GDP Growth Projections
The central bank projects GDP growth at 6.7% for the next fiscal year (2025-26), according to Governor Sanjay Malhotra. This estimate aligns with the government’s Economic Survey, which forecasted a 6.3-6.8% growth rate, supported by a strong external account, calibrated fiscal consolidation, and stable private consumption.
In contrast, the economy is expected to grow 6.4% in FY 2024-25, the slowest pace in four years.
Inflation Outlook
The RBI forecasts retail inflation at 4.2% for FY 2025-26, assuming a normal monsoon. The projected inflation breakdown is:
- Q1: 4.5%
- Q2: 4.0%
- Q3: 3.8%
- Q4: 4.2%
For FY 2024-25, the inflation forecast remains at 4.8%. CPI-based inflation declined to a four-month low of 5.22% in December, mainly due to falling food prices, including vegetables.
The MPC noted that inflation is moderating due to favorable food price trends and past monetary policy measures. While growth is expected to recover from the lows of Q2 2024-25, it remains below last year’s levels, creating room for monetary easing to support economic expansion.
Impact of Repo Rate Cut
A lower repo rate will lead to a reduction in external benchmark lending rates (EBLR), providing relief to borrowers as EMIs on loans will decrease. Banks may also lower marginal cost of funds-based lending rates (MCLR), though full transmission of previous rate hikes has not yet occurred.
Measures to Counter Cyber Frauds
To enhance cybersecurity in the digital financial ecosystem, the RBI announced two key measures:
- Additional factor authentication for online international payments to offshore merchants.
- Implementation of exclusive Internet domains: “bank.in” for Indian banks and “fin.in” for other financial institutions to improve security.
RBI’s Forex Market Intervention
The RBI emphasized that its exchange rate policy remains unchanged, focusing on maintaining stability and avoiding excessive volatility. It does not target a specific exchange rate level but ensures smooth market functioning.
Governor Malhotra’s Statement on Policy and Regulations
Governor Sanjay Malhotra reassured stakeholders that the RBI will continue a consultative approach in policymaking. He stressed that:
- Stakeholder input will be considered before major regulatory decisions.
- Implementation of key regulations will be phased and structured to allow for smooth transitions.
Global Economic Outlook & Risks
Malhotra highlighted that the global economy remains below its historical growth average, though trade expansion signals resilience.

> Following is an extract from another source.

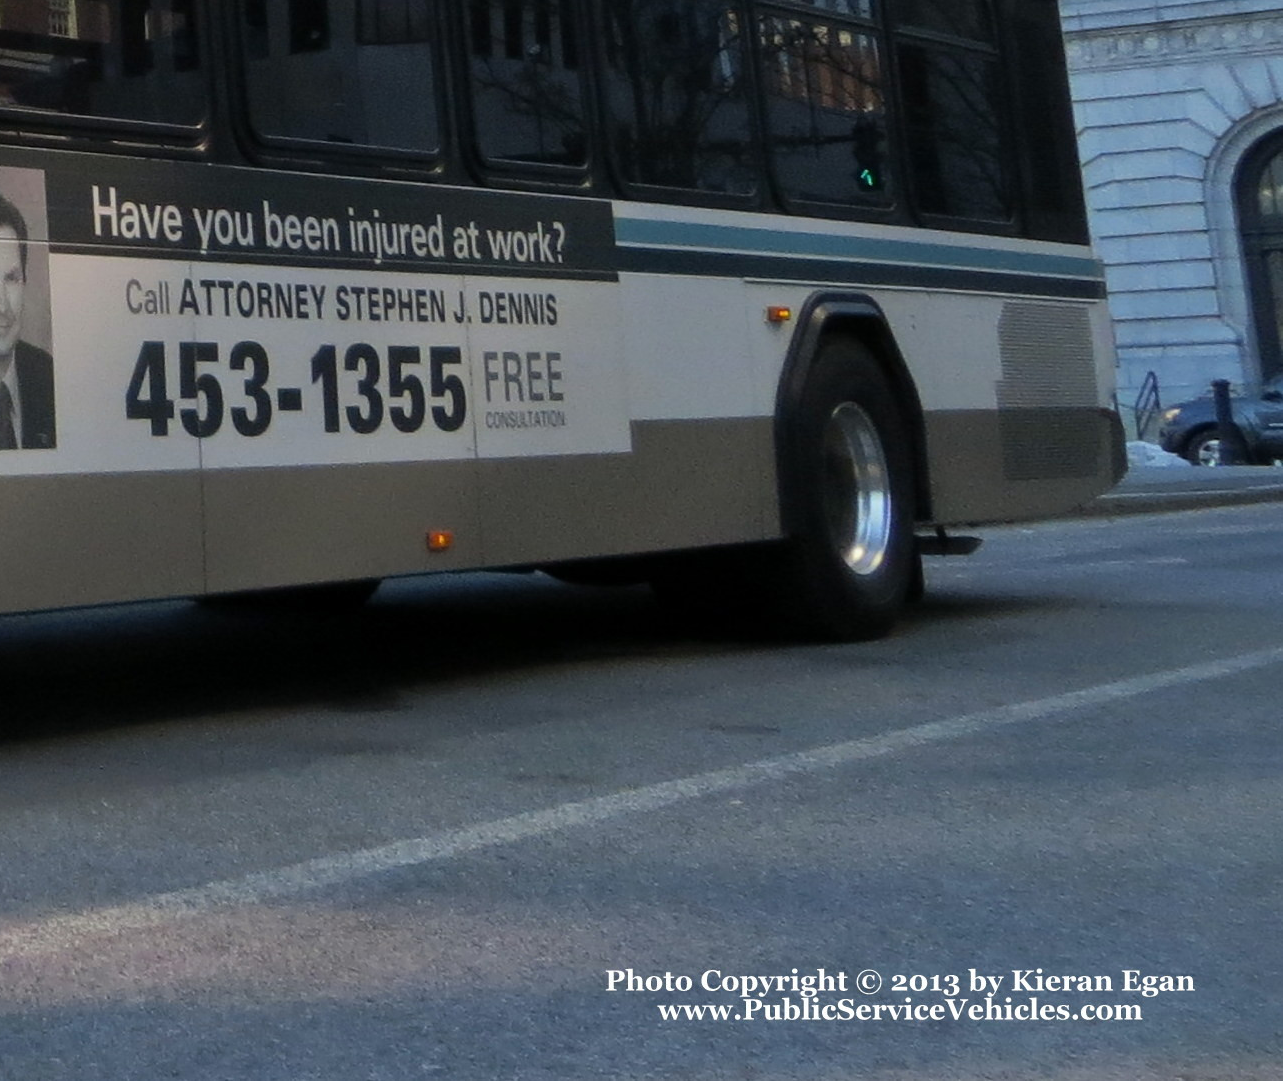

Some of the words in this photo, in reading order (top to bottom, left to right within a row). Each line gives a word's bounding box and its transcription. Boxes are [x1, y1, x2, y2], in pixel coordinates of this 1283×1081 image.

Key concerns include:
- Stalled global disinflation due to persistent service price inflation.
- Stronger US dollar and rising bond yields impacting emerging market capital flows.
- Geopolitical uncertainties and trade disruptions increasing financial market volatility.
Despite these challenges, the RBI remains committed to ensuring economic stability while fostering growth and controlling inflation.